The Ohio State Medical Board last week added irritable bowel syndrome (IBS) as a qualifying condition to the state’s medical cannabis program, the Ohio Capital Journal reports. The panel, however, rejected the addition of obsessive-compulsive syndrome (OCD) and autism spectrum disorder as qualifying conditions.
In all, there are now 26 total conditions for which Ohio cannabis patients can access medical cannabis.
Charlie Trefny, the Ohio Medical Cannabis Industry Association’s director of government affairs, told the Journal that the organization was “disappointed” that the board did not approve OCD or autism spectrum disorder to the list.
It marks the fourth time the Medical Board has rejected adding autism to the state’s medical cannabis program.
A bill in the state Senate would add the condition, along with arthritis, migraines, spasticity or chronic muscle spasms, hospice care or terminal illness, and opioid use disorder to the list of qualifying conditions.
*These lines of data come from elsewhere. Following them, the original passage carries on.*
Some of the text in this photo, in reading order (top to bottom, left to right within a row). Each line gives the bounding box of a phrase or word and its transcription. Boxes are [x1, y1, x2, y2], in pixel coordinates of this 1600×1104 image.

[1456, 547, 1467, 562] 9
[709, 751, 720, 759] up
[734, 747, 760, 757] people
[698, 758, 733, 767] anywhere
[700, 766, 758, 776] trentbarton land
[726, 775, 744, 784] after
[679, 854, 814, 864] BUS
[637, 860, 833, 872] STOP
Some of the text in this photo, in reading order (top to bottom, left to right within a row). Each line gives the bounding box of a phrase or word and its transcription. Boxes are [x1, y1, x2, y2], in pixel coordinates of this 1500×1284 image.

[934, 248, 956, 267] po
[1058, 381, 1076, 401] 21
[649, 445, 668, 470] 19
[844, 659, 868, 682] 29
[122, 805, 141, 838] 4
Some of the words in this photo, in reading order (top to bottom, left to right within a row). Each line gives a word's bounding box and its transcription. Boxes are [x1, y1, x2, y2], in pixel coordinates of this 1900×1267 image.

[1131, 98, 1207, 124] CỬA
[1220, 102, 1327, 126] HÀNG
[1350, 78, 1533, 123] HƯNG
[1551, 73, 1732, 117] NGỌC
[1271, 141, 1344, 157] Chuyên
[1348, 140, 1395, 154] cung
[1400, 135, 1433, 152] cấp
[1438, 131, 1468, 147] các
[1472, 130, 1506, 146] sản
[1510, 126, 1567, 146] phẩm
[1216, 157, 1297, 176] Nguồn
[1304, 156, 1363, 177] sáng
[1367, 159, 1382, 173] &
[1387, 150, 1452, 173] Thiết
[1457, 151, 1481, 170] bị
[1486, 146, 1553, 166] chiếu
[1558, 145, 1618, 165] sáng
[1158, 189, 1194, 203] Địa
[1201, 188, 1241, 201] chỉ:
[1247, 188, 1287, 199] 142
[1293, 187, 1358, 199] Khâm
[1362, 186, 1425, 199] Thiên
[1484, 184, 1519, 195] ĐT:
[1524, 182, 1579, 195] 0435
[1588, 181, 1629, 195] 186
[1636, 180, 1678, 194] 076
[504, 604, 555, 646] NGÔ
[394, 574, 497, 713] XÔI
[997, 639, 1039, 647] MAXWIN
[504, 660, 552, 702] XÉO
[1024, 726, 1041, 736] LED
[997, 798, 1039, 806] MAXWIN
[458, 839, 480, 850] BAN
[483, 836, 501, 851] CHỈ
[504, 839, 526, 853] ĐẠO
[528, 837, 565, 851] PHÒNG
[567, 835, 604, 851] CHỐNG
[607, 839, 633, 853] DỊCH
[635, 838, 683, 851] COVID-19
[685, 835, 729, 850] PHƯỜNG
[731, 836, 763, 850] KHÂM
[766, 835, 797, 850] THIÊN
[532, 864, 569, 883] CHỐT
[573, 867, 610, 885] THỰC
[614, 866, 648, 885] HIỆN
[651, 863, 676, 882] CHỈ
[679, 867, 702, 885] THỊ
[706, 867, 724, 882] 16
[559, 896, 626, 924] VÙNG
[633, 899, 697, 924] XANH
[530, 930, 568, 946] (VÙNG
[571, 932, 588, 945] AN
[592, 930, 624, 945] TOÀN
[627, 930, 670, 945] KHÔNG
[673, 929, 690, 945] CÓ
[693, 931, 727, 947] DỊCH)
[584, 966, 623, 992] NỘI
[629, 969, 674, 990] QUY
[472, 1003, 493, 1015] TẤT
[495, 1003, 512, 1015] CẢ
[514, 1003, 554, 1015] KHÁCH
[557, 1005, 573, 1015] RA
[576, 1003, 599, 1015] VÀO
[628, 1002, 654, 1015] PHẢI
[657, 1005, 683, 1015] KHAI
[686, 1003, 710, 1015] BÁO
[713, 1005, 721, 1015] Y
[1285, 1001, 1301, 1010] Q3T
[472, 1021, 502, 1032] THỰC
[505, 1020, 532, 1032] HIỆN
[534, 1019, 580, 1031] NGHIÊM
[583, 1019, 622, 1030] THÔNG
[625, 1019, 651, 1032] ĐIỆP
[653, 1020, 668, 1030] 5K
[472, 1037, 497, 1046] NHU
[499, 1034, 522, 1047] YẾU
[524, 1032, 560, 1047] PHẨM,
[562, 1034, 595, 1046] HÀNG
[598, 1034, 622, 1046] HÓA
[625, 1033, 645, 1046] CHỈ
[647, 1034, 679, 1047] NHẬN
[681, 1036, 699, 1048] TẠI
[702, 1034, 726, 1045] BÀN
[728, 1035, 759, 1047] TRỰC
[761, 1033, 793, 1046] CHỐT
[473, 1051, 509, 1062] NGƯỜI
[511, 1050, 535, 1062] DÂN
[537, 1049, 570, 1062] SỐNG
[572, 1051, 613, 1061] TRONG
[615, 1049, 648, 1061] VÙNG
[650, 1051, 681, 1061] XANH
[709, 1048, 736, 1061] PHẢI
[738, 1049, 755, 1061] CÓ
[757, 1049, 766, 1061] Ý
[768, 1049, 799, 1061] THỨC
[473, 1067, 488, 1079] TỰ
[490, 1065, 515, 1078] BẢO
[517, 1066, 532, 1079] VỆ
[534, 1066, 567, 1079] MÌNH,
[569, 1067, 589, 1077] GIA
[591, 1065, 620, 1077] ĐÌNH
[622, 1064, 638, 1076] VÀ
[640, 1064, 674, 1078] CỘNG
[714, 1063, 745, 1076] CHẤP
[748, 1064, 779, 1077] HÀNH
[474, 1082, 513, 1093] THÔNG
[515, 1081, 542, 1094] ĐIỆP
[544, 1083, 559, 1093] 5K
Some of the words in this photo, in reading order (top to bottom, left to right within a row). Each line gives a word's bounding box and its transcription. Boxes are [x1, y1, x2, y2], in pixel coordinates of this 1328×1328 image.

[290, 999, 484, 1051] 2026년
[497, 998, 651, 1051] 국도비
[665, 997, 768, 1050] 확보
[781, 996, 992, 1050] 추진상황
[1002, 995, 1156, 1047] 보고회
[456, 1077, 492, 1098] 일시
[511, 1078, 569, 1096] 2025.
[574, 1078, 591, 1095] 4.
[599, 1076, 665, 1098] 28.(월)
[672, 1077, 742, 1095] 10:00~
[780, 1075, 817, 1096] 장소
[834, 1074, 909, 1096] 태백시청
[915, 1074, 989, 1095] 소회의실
That measure was introduced in January but has not been moved out of the chamber’s General Government Committee. The bill would allow medical cannabis products sold in the state to include pills, capsules and suppositories, oral pouches, oral strips, oral or topical sprays, salves, lotions, or similar items, and inhalers.
Earlier this month, the Minnesota Department of Health added IBS and OCD to its list of qualifying conditions for accessing the state medical cannabis program.